As for the rest of the Pac-10, well, how it does – first in getting teams into the NCAAs and then in the bracket itself – will be the measure of whether it’s deserved all its notices. The league tournament was of no particular help.

Really. One lousy nine-over-eight upset? When the No. 8 was without its only dependable scorer and rebounder?

There was craziness everywhere else the big dogs played. Boston College put it to Maryland in the ACC. Pitt bounced Louisville in the Big East. Pitiful Illinois can’t be stopped in the Big Ten. Did we mention Colorado over Baylor?

Sheesh, at the SEC tournament a storm ripped a hole in the roof of the Georgia Dome. That’s taking the drama a little far, but still…

Hard to know what this all means. Maybe the Pac-10 has finally surrendered to the long arm of the law of averages.

Or maybe – shudder – it’s not really the grand omnipotent badass of college basketball as it’s been touted all season long.

“No other league is as good as this league,” insisted UCLA coach Ben Howland on Friday night after his Bruins survived another war with crosstown rival USC 57-54.

OK, a company line is a company line. It’s not going to change now.

Besides, it feels good to believe it. After years of having the Packers and Eastern elitists belittle Pac-10 basketball as soft and even inconsequential, it was ego candy to hear that it was suddenly must-see-TV for the rest of the country – presuming those fine Fox telecasts can even be found in the rest of the country.

The league was, as Howland claimed, “the best it has ever been” in 2008. The over-touted statistic was 48-42 record home teams had in the round-robin – that talent and coaching and ferocity and parity had all conspired to negate the home-court advantage.

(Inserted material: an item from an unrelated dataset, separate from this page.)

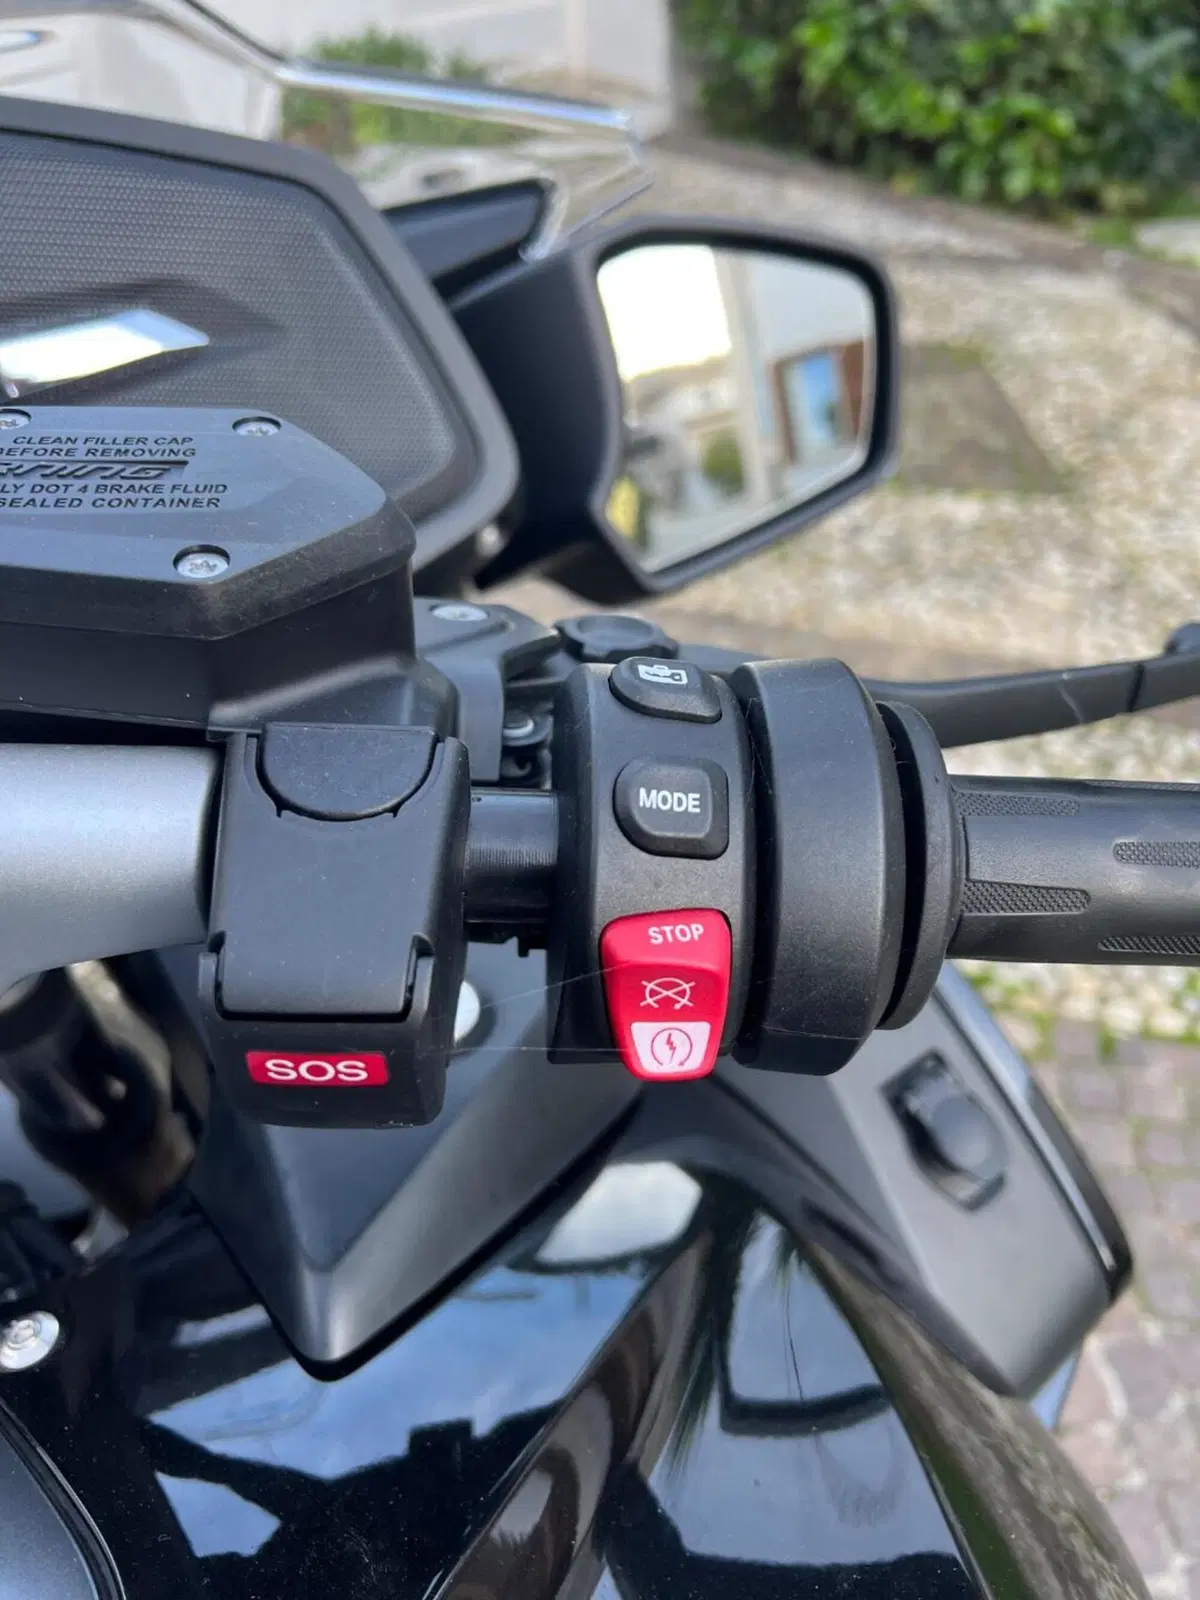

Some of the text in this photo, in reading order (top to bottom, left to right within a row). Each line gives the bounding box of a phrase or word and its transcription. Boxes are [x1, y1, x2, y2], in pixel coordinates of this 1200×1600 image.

But even so, only four Pac-10 teams can be considered bracket locks at the moment. Oregon can claim a .500 record in the league, but little else outside it. Arizona State has lost 10 of its last 15 games. Arizona is relying on the kindness of the committee to overlook 14 losses.

And, of course, all three failed to get past the quarterfinals here. Lucky for them, 10 other bubble squatters were squashed on Friday alone.

However many get in, the Pac-10 needs to move a few teams through the bracket – “the true test,” as Howland put it. It doesn’t hurt that they won’t have to play each other for a couple of rounds.

“It’s like the first game of the year when you’ve been scrimmaging yourself every day and finally get to play somebody else,” said forward Robbie Cowgill. “We’ve been playing these guys for two months and it’ll be nice to stop beating up on each other.”

Finally, the mad part of March. It’s been a little late coming.